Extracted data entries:
══════════
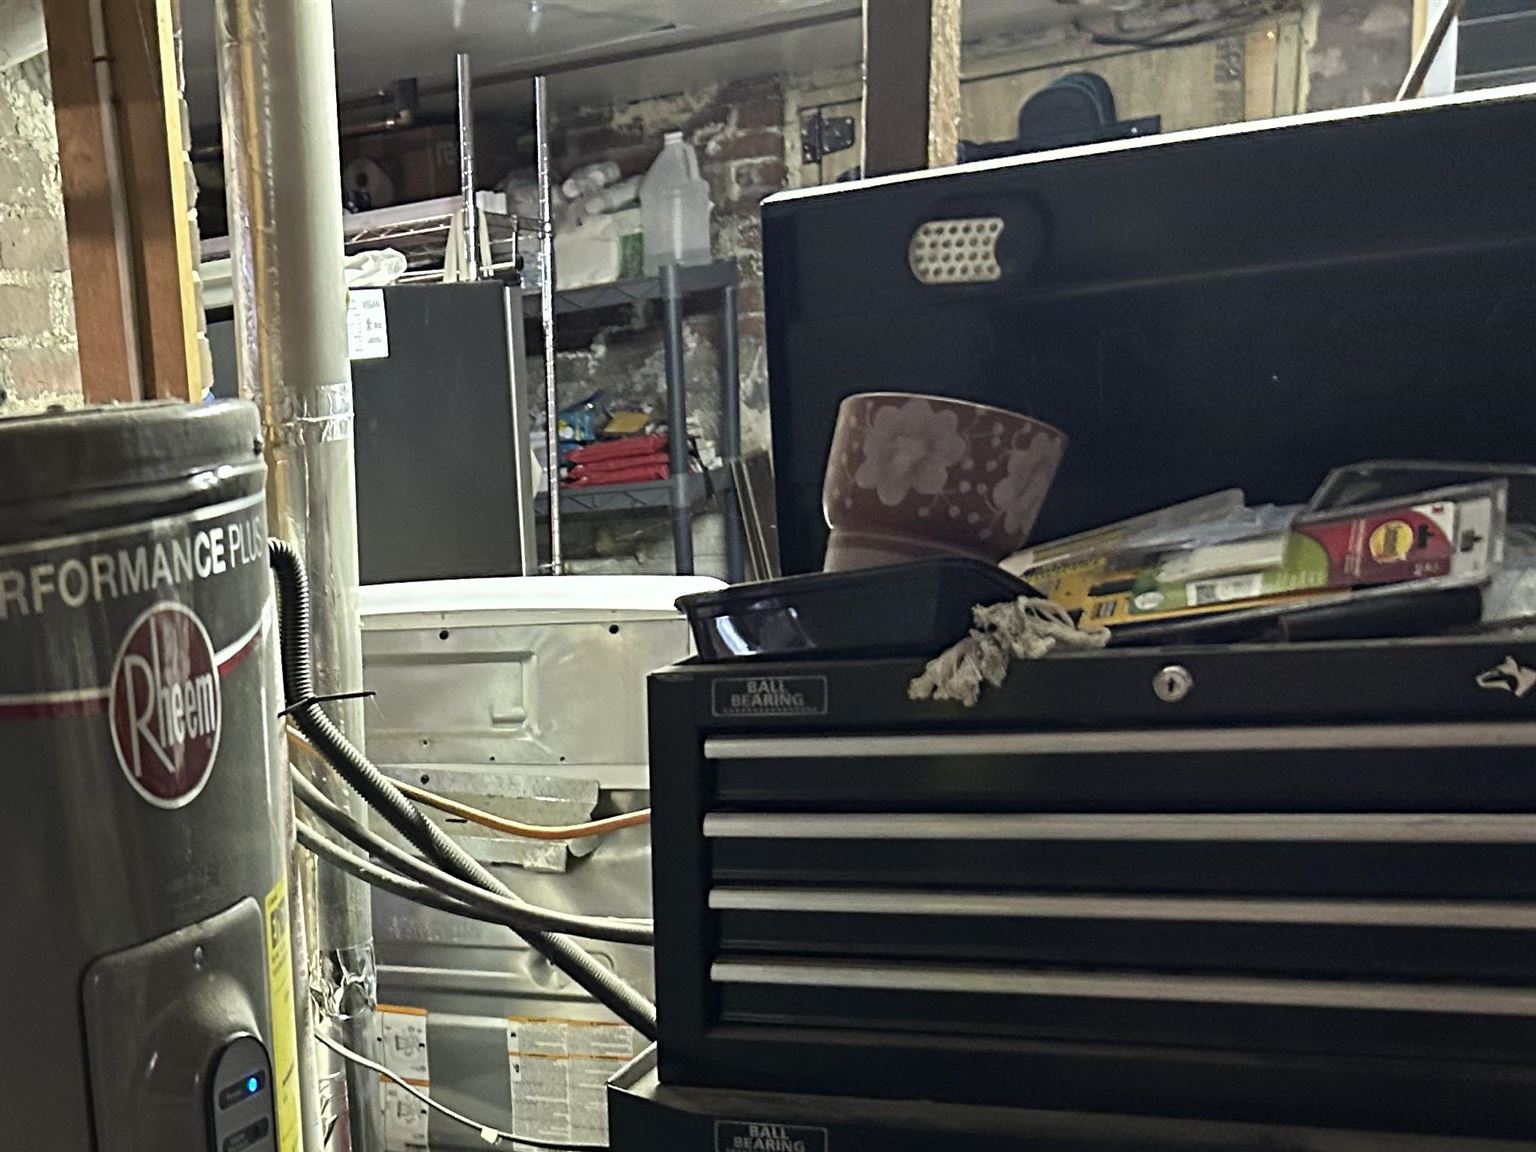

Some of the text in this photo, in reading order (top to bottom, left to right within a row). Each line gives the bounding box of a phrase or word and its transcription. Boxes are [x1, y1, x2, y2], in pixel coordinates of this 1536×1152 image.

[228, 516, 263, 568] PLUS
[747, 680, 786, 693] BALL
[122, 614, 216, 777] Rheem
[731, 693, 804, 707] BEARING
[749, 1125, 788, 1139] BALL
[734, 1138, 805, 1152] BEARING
══════════
Task item: Output each entry shown above exactly as it stands, with all pictures removed.

Answer:
Some of the text in this photo, in reading order (top to bottom, left to right within a row). Each line gives the bounding box of a phrase or word and its transcription. Boxes are [x1, y1, x2, y2], in pixel coordinates of this 1536×1152 image.

[228, 516, 263, 568] PLUS
[747, 680, 786, 693] BALL
[122, 614, 216, 777] Rheem
[731, 693, 804, 707] BEARING
[749, 1125, 788, 1139] BALL
[734, 1138, 805, 1152] BEARING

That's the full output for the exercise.